London, UK: The United Nations is set to release a capstone report, a distillation of nearly a decade of published science on the impacts and trajectory of global warming and tools to prevent climate catastrophe.
The approximately 30-page “summary for policymakers” from the Intergovernmental Panel on Climate Change, which condenses 10,500 pages written by more than 1,000 scientists, will issue a grave warning. While diplomats from 195 countries met in Interlaken, Switzerland, to work out the final language, finalised by fatigued and sleep-deprived delegates two days behind schedule, UN chief Mr. Antonio Guterres warned that “we are nearing a point of no return” last week.

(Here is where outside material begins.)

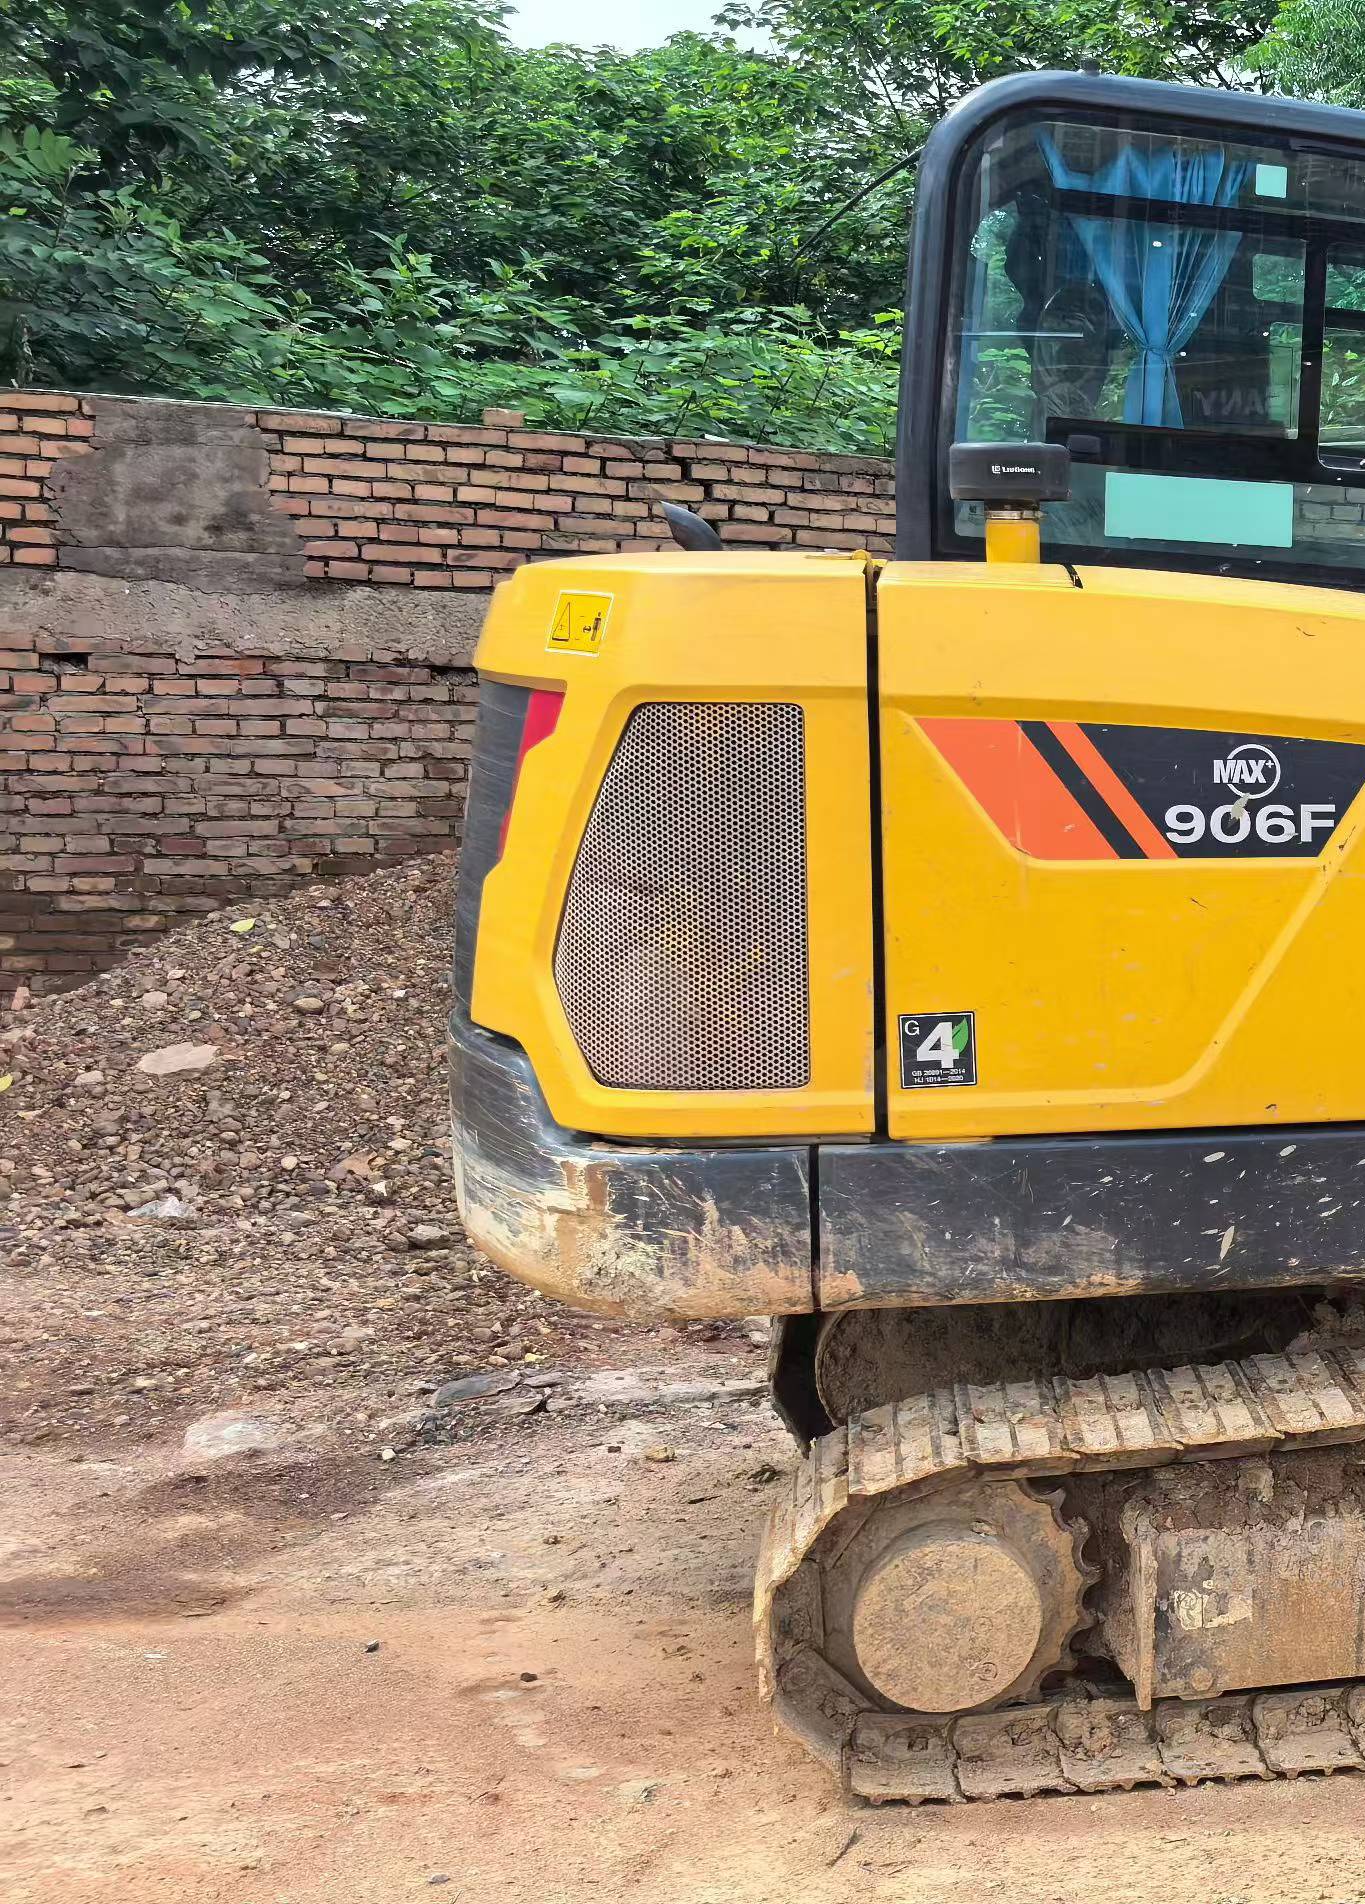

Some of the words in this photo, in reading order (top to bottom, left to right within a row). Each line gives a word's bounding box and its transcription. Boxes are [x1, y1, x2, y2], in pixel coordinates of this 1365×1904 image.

[1163, 803, 1337, 844] 906F
[904, 1019, 920, 1036] G
[916, 1021, 960, 1069] 4

Science has discovered that disastrous effects are occurring faster and at lower levels of warming than previously thought after the publication of the last IPCC synthesis report in 2014. The planet has experienced a steady crescendo of extreme weather, including tropical storms rendered worse by rising seas, with the average surface temperature of Earth currently 1.2 degrees Celsius over pre-industrial levels.

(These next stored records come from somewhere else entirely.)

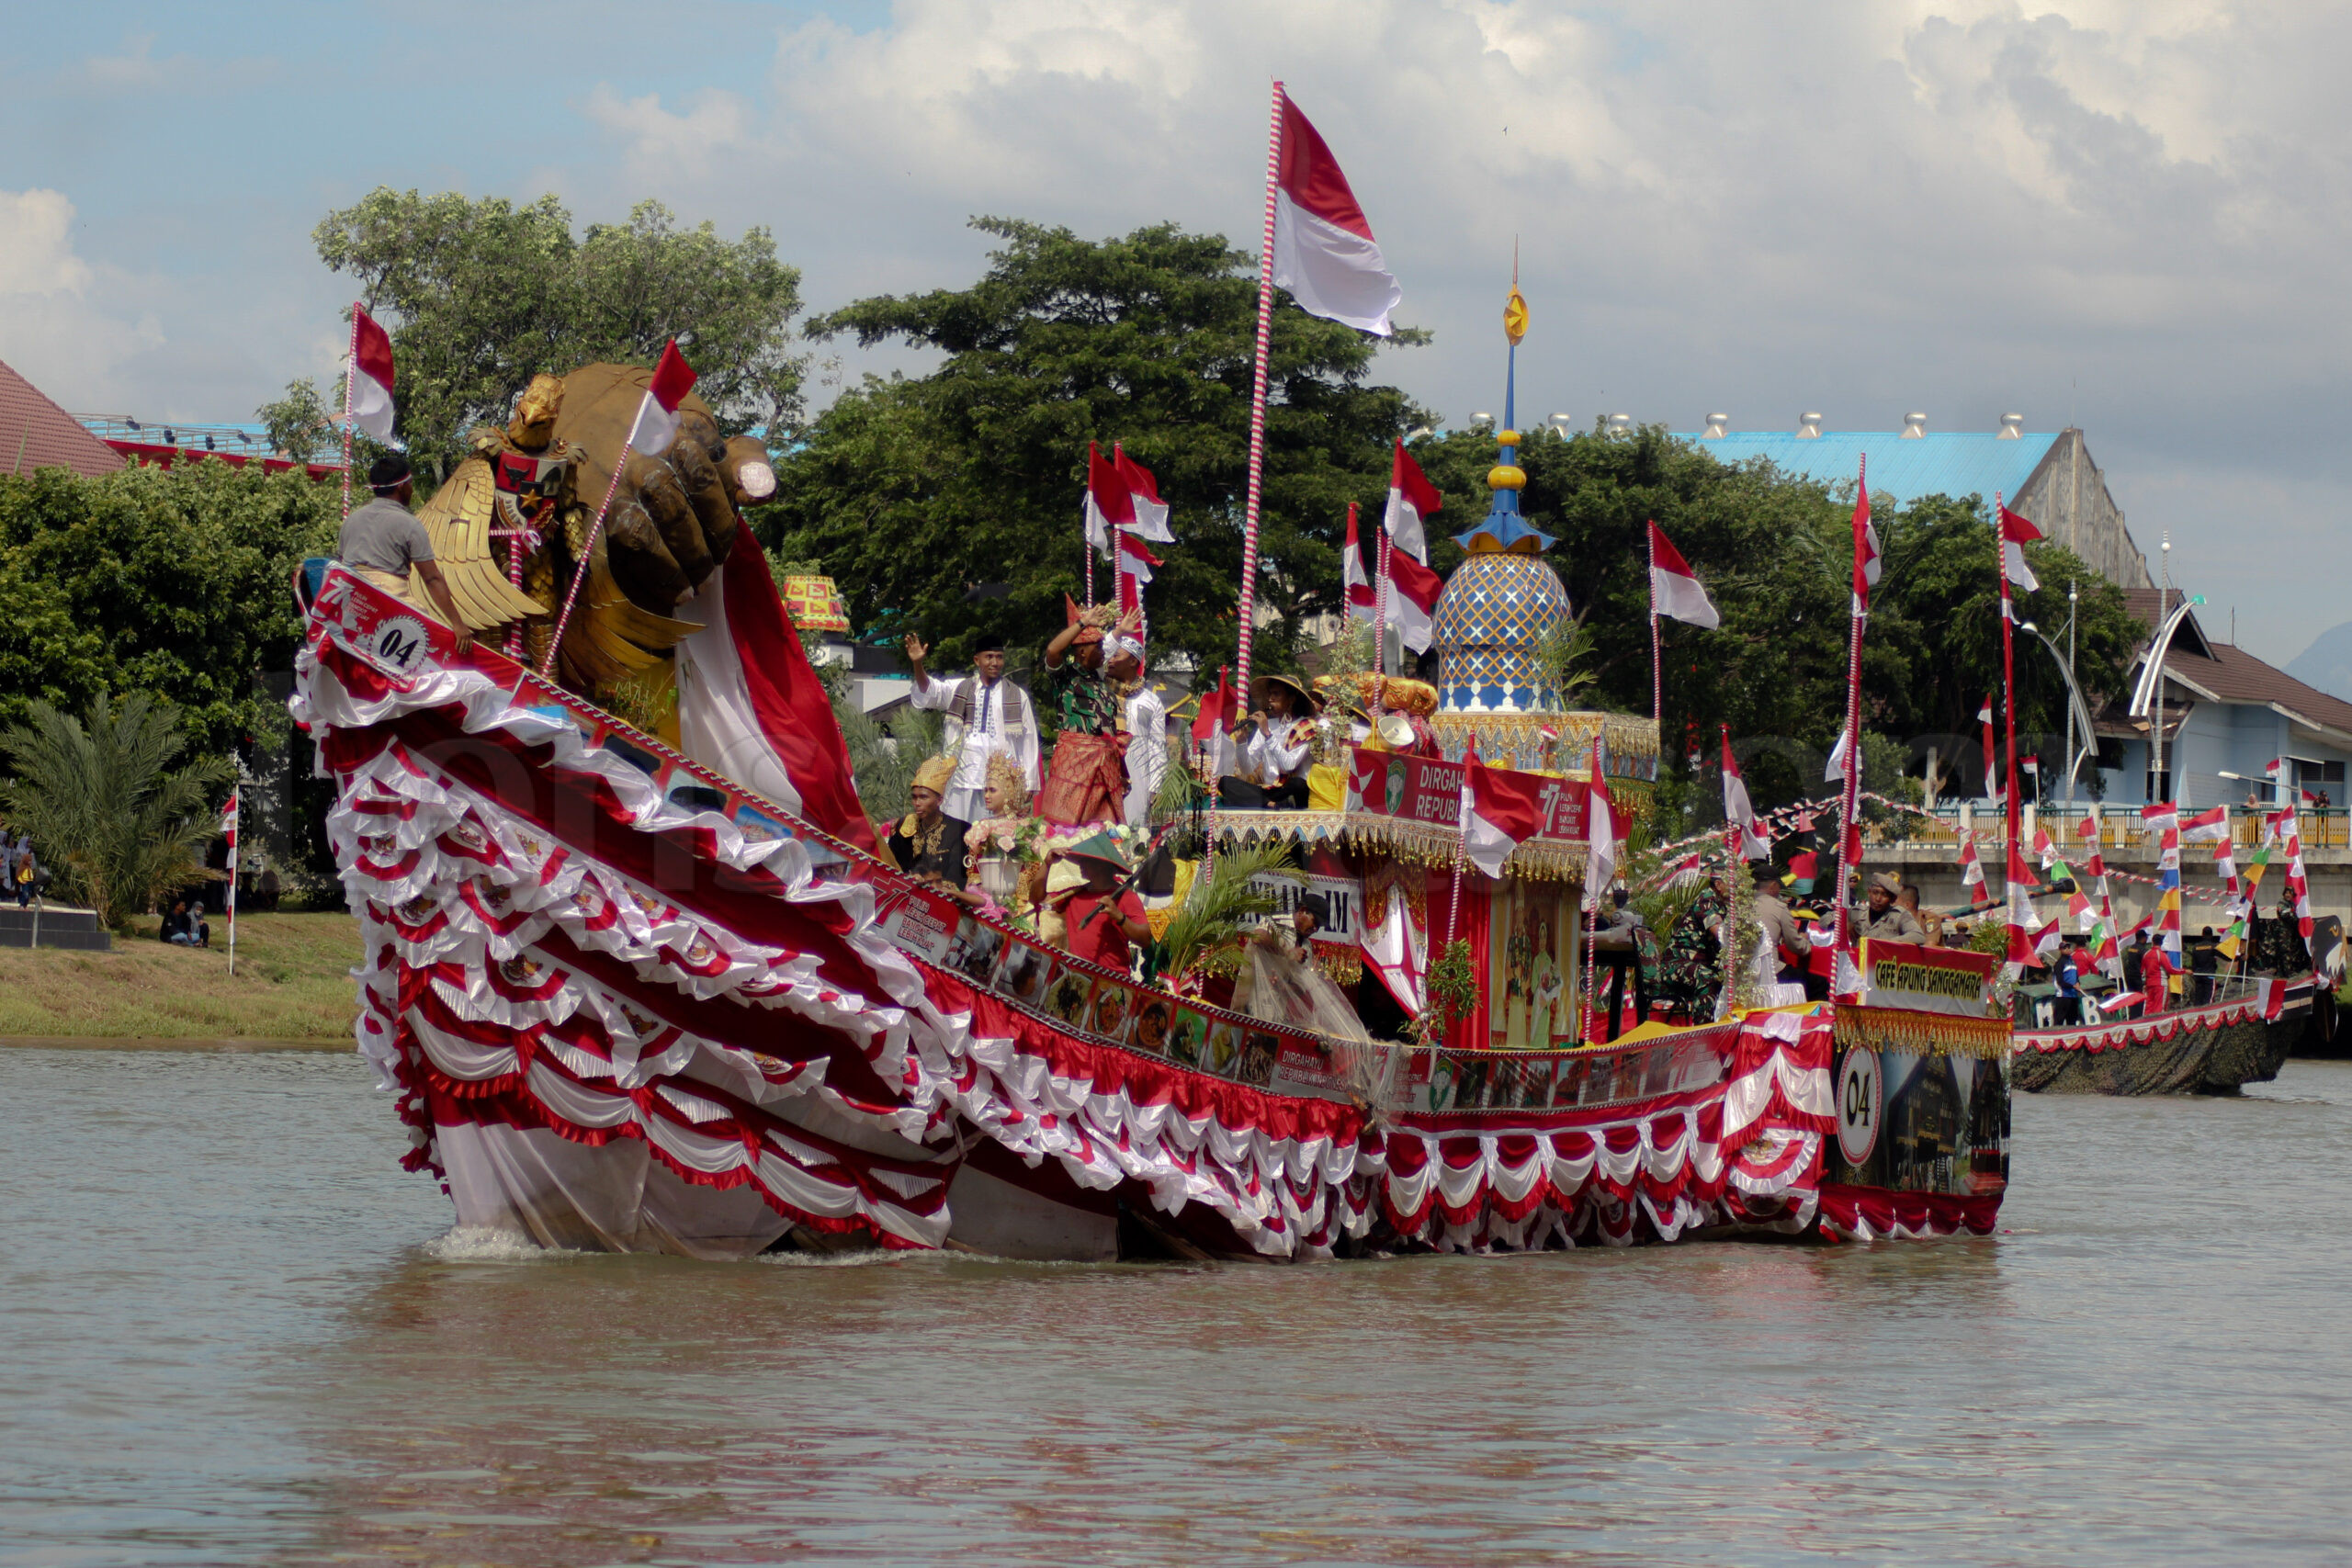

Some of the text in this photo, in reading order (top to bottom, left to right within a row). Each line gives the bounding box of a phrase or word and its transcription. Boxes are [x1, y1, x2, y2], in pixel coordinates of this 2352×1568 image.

[379, 629, 419, 669] 04
[1419, 765, 1464, 793] DIRGAH
[1416, 795, 1459, 822] REPUBL
[898, 926, 918, 942] LEBIH
[923, 915, 947, 933] CEPAT
[1875, 955, 1983, 1001] CAFÉ APUNG SANGGAMARA
[1282, 1050, 1324, 1071] DIRGAHAYU
[1847, 1069, 1871, 1128] 04

As per the current trends, the planet will continue to warm by 1.6 degrees. In accordance with the World Weather Attribution consortium, which is made up of many IPCC authors, in 2022, climate change increased lethal heatwaves in South America and South Asia, huge flooding in Nigeria and Pakistan, and record-breaking drought in Western Europe and the United States.

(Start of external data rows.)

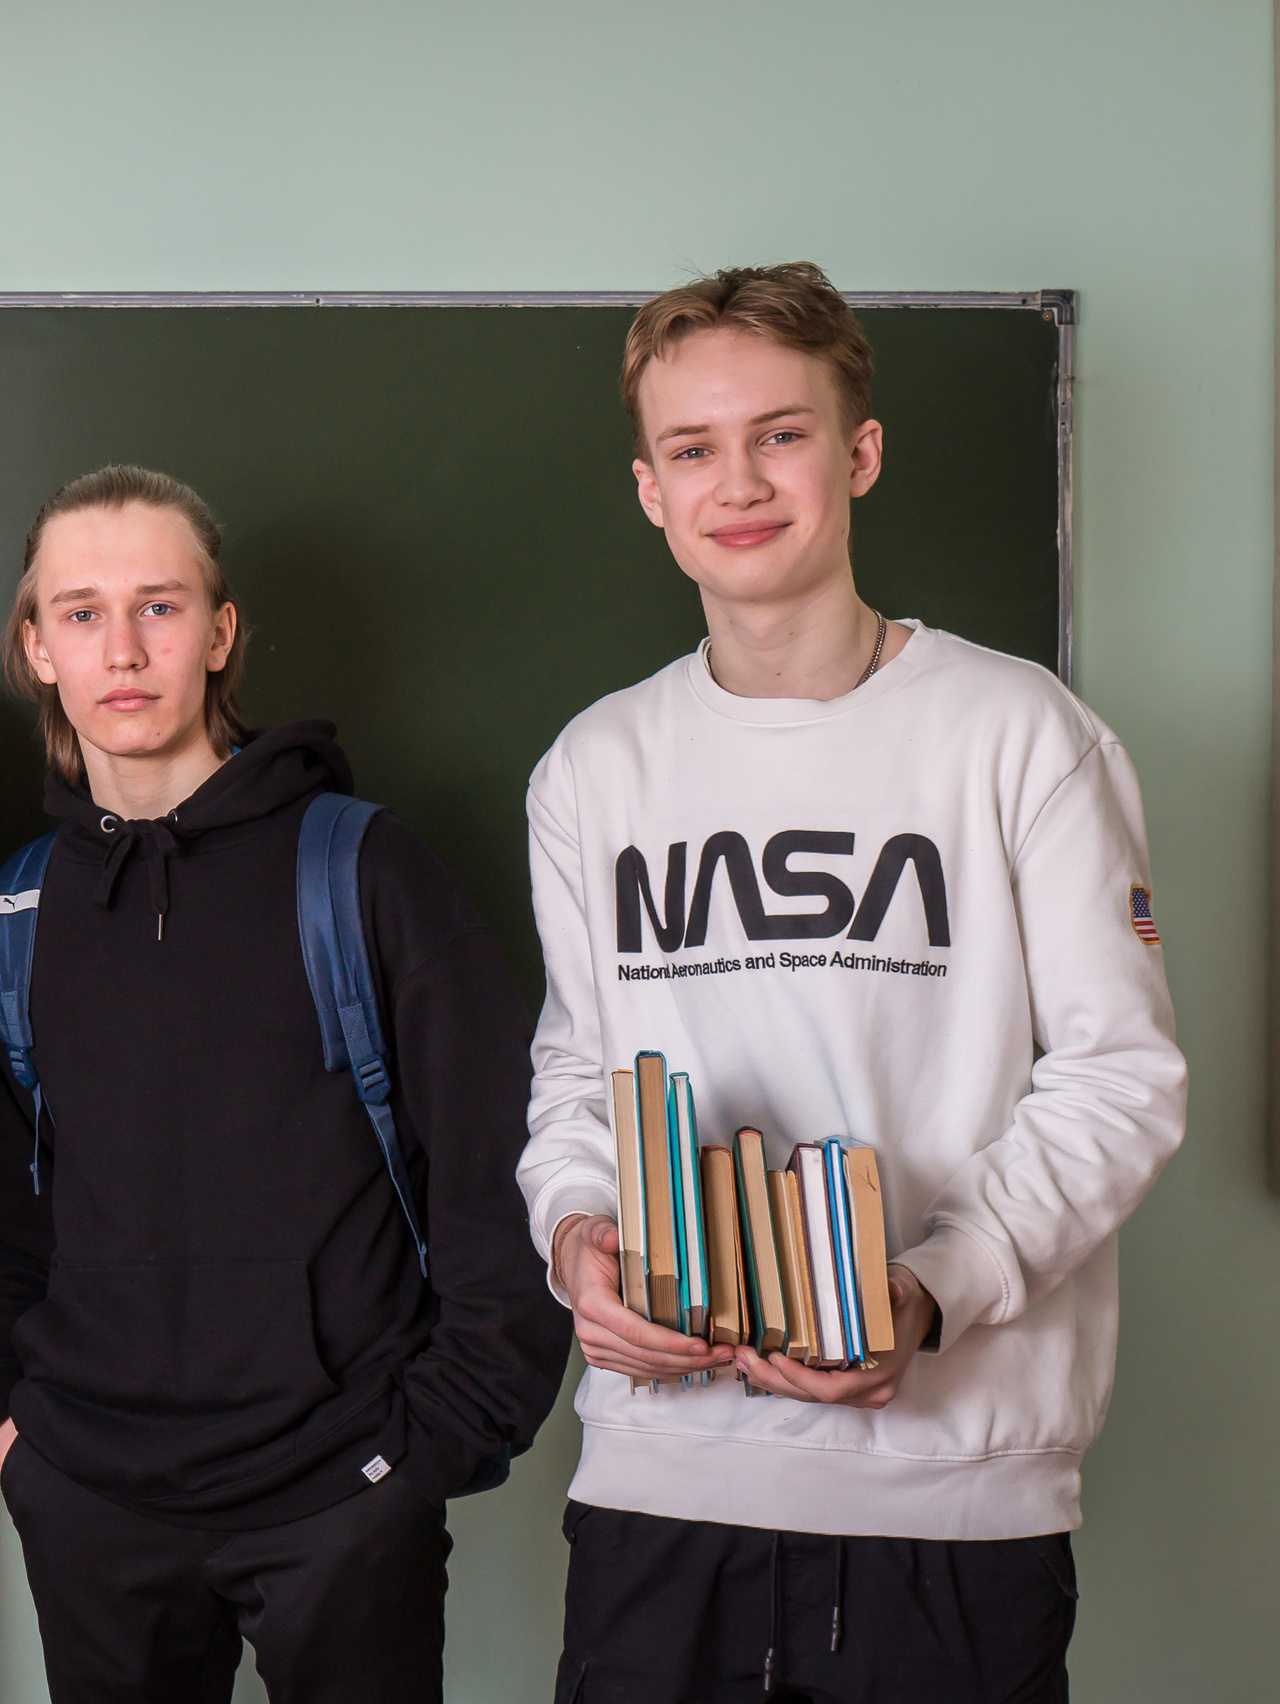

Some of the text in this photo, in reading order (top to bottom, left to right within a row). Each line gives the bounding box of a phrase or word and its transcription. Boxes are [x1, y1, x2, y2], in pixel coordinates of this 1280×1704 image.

[615, 829, 951, 953] NASA
[672, 958, 742, 979] Aeronautics
[745, 953, 775, 970] and
[779, 951, 827, 972] Space
[829, 951, 948, 977] Administration

The threat posed by so-called tipping points in the Earth’s climate system, which may cause the Amazon rainforest to change into a savannah and the West Antarctica and Greenland ice sheets to release enough water to raise oceans by metres, has also been raised by science in the past ten years.
The IPCC synthesis report will also be used to inform the upcoming high-level UN climate talks in Dubai, which will feature the first “global stocktake” of progress made towards realising the objectives of the Paris Treaty. The stocktake, which will be made public ahead of COP28 in Dubai, will force nations to acknowledge how woefully inadequate their Paris pledges to reduce emissions were.